Aims Malignant transformation results in overexpression of choline-kinase (CHK) and altered choline metabolism, which is potentially detectable by immunohistochemistry (IHC). We investigated the utility of CHK-alpha (CHKA) IHC as a complement to current diagnostic investigation of prostate cancer by analysing expression patterns in normal (no evidence of malignancy) and malignant human prostate tissue samples.

Methods As an initial validation, paraffin-embedded prostatectomy specimen blocks with both normal and malignant prostate tissue were analysed for CHKA protein and mRNA expression by western blot and quantitative reverse transcriptase PCR (qRT-PCR), respectively. Subsequently, 100 paraffin-embedded malignant prostate tumour and 25 normal prostate cores were stained for both Ki67 (labelling-index: LI) and CHKA expression.

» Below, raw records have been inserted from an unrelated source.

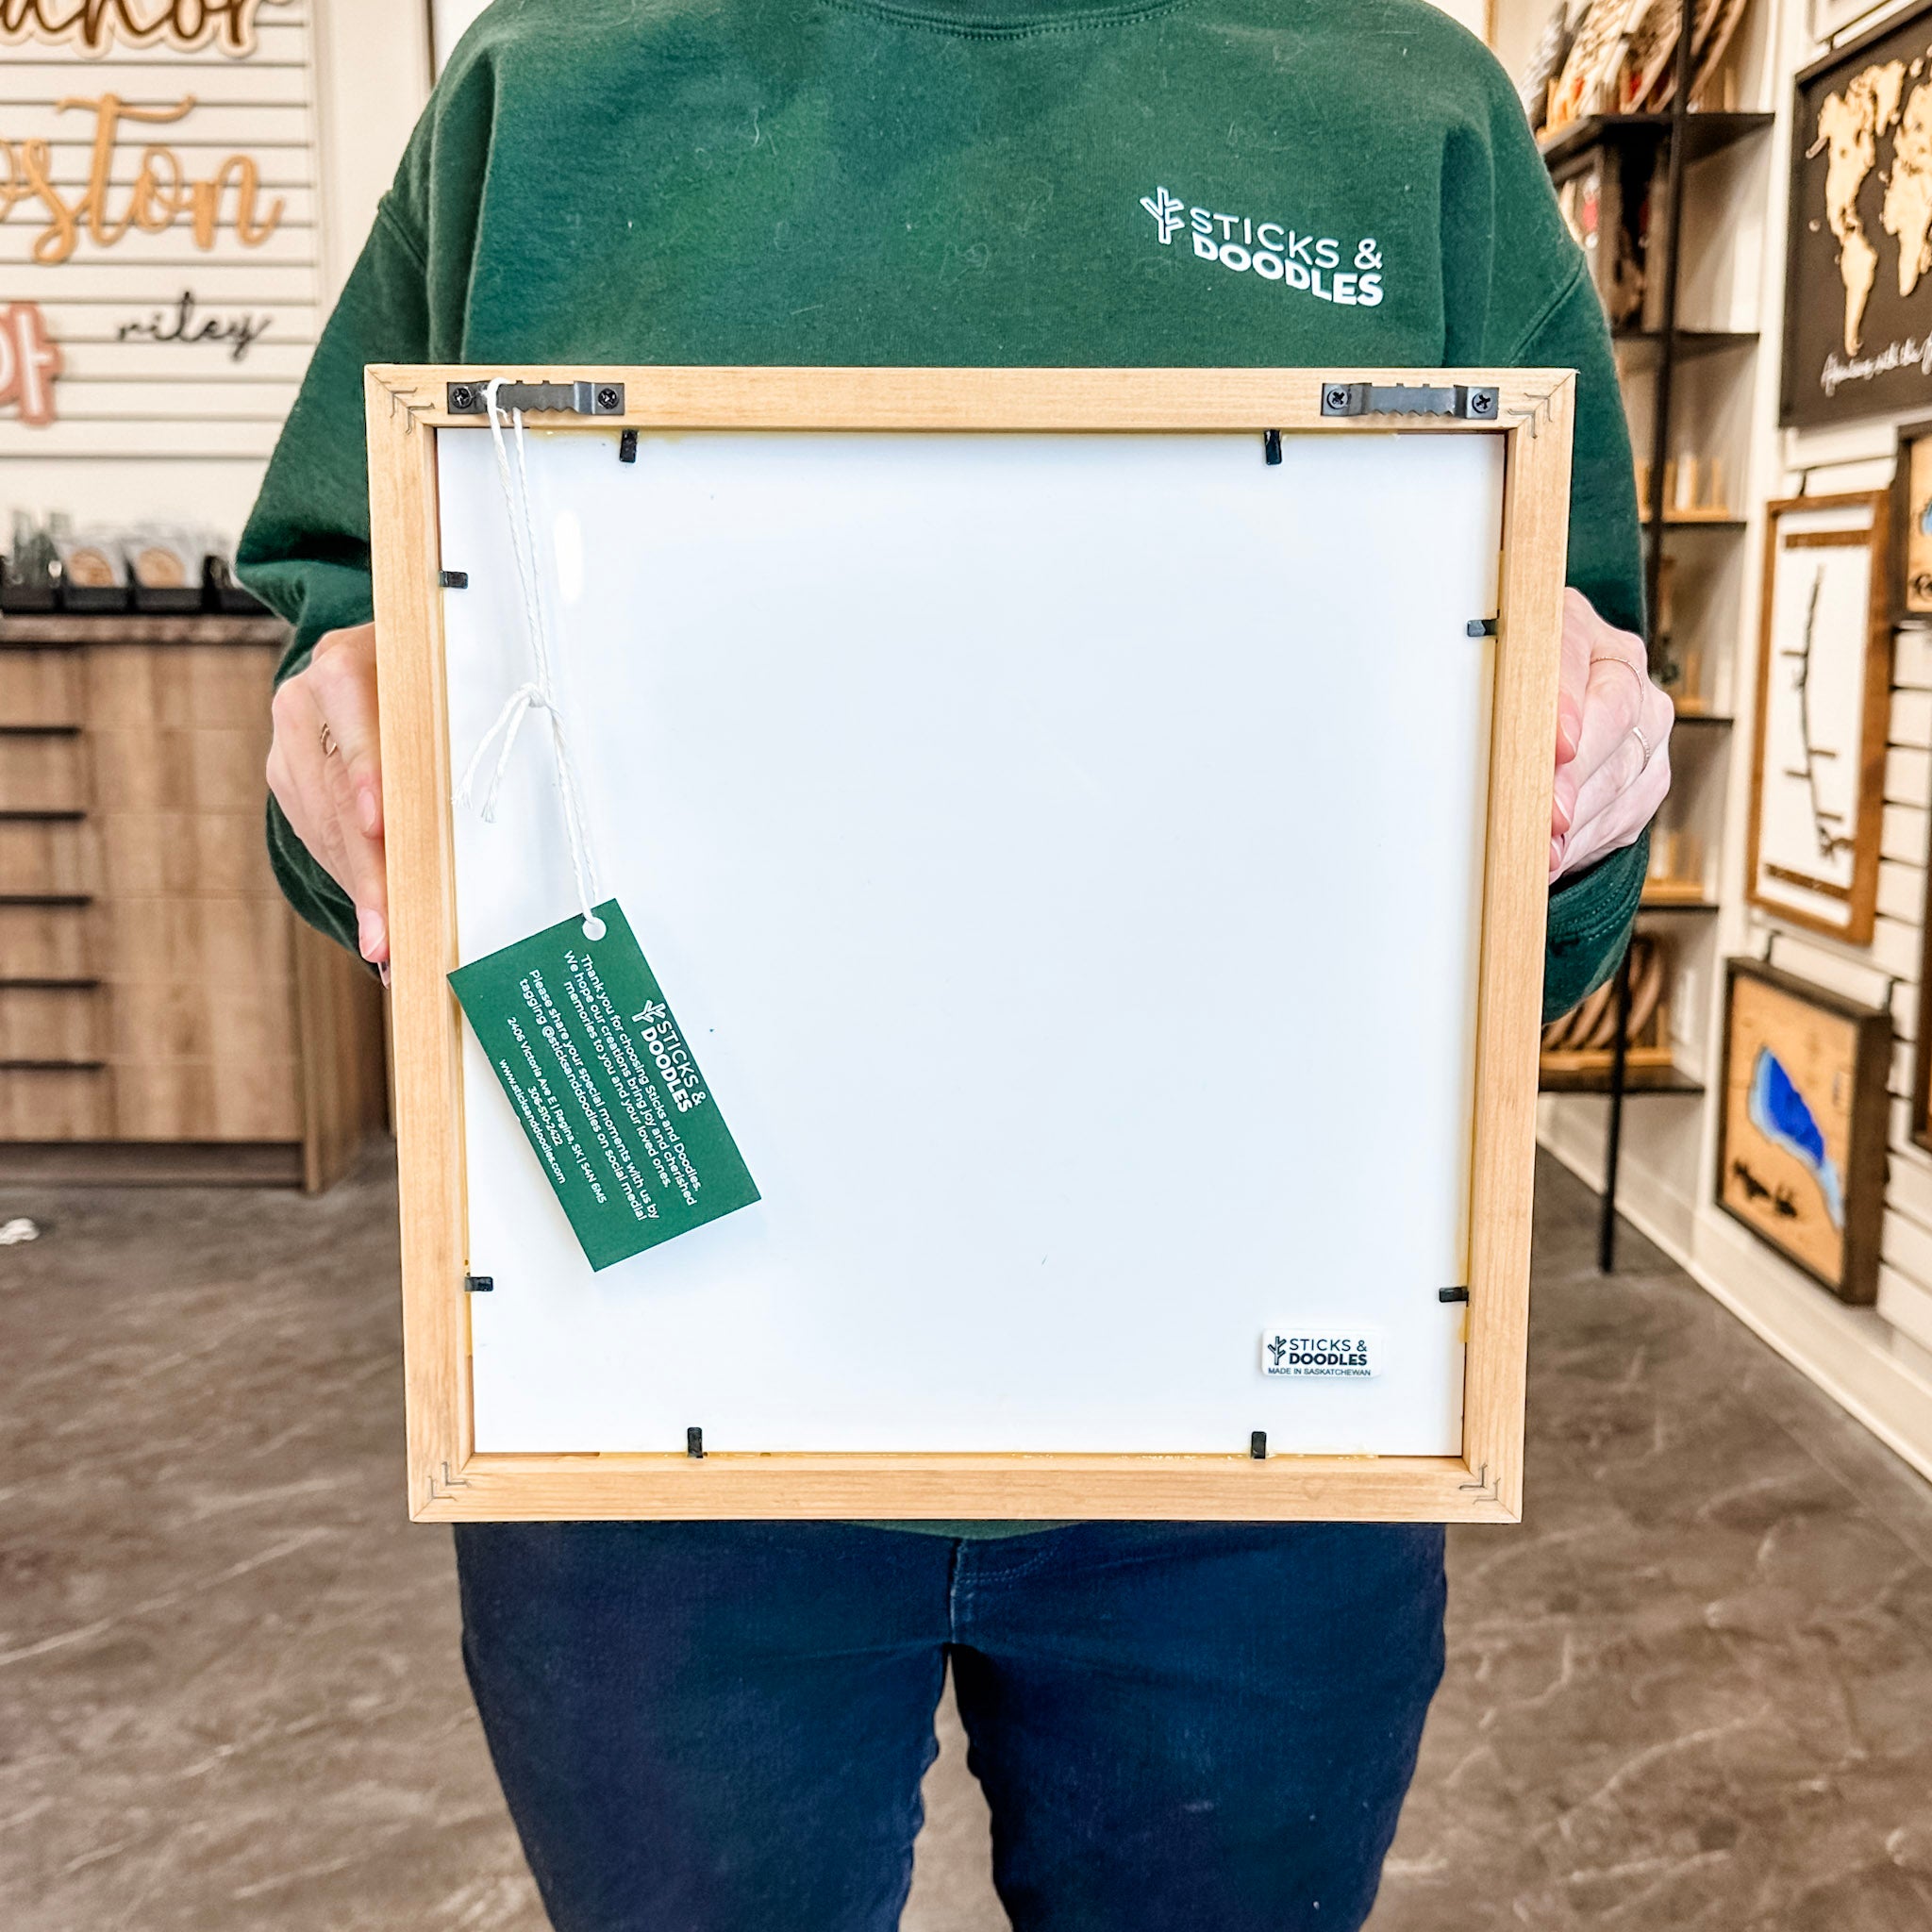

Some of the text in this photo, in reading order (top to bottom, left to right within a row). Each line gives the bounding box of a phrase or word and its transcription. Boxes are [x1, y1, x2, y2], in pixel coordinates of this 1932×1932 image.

[1190, 207, 1383, 270] STICKS &
[1191, 231, 1384, 307] DOODLES
[519, 978, 547, 1024] tagging
[541, 1025, 601, 1132] @sticksanddoodles
[596, 1132, 609, 1149] on
[605, 1149, 628, 1181] social
[528, 969, 659, 1218] Please share your special moments with us by
[563, 950, 697, 1206] We hope our creations bring joy and cherished
[563, 980, 671, 1188] memories to you and your loved ones.
[580, 954, 701, 1191] Thank you for choosing Sticks and Doodles.
[641, 1025, 692, 1112] DOODLES
[656, 1020, 706, 1106] STICKS &
[499, 1058, 565, 1184] www.sticksanddoodles.com
[507, 1016, 525, 1041] 2406
[520, 1040, 541, 1077] Victoria
[537, 1078, 551, 1095] Ave
[547, 1095, 558, 1105] E
[553, 1108, 575, 1144] Regina,
[571, 1143, 584, 1158] SK
[580, 1161, 597, 1183] S4N
[591, 1182, 607, 1203] 6M5
[527, 1085, 563, 1146] 306-510-2422
[1289, 1339, 1367, 1352] STICKS &
[1289, 1353, 1368, 1366] DOODLES
[1304, 1368, 1371, 1376] SASKATCHEWAN

Results The validity of CHKA-antibody was verified using CHKA-transfected cells and siRNA knockdown. Immunoblotting of tissues showed good resolution of CHKA protein in malignant prostate, verifying use of the antibody for IHC. There was minimal qRT-PCR detectable CHKA mRNA in normal tissue, and conversely high expression in malignant prostate tissues. IHC of normal prostate cores showed mild (intensity) CHKA expression in only 28% (7/25) of samples with no Ki67 expression. In contrast, CHKA was expressed in all malignant prostate cores along with characteristically low proliferation (median 2% Ki67-LI; range 1–17%). Stratification of survival according to CHK intensity showed a trend towards lower progression-free survival with CHK score of 3.

Conclusions Increased expression of CHKA, detectable by IHC, is seen in malignant lesions. This relatively simple cost-effective technique (IHC) could complement current diagnostic procedures for prostate cancer and, therefore, warrants further investigation.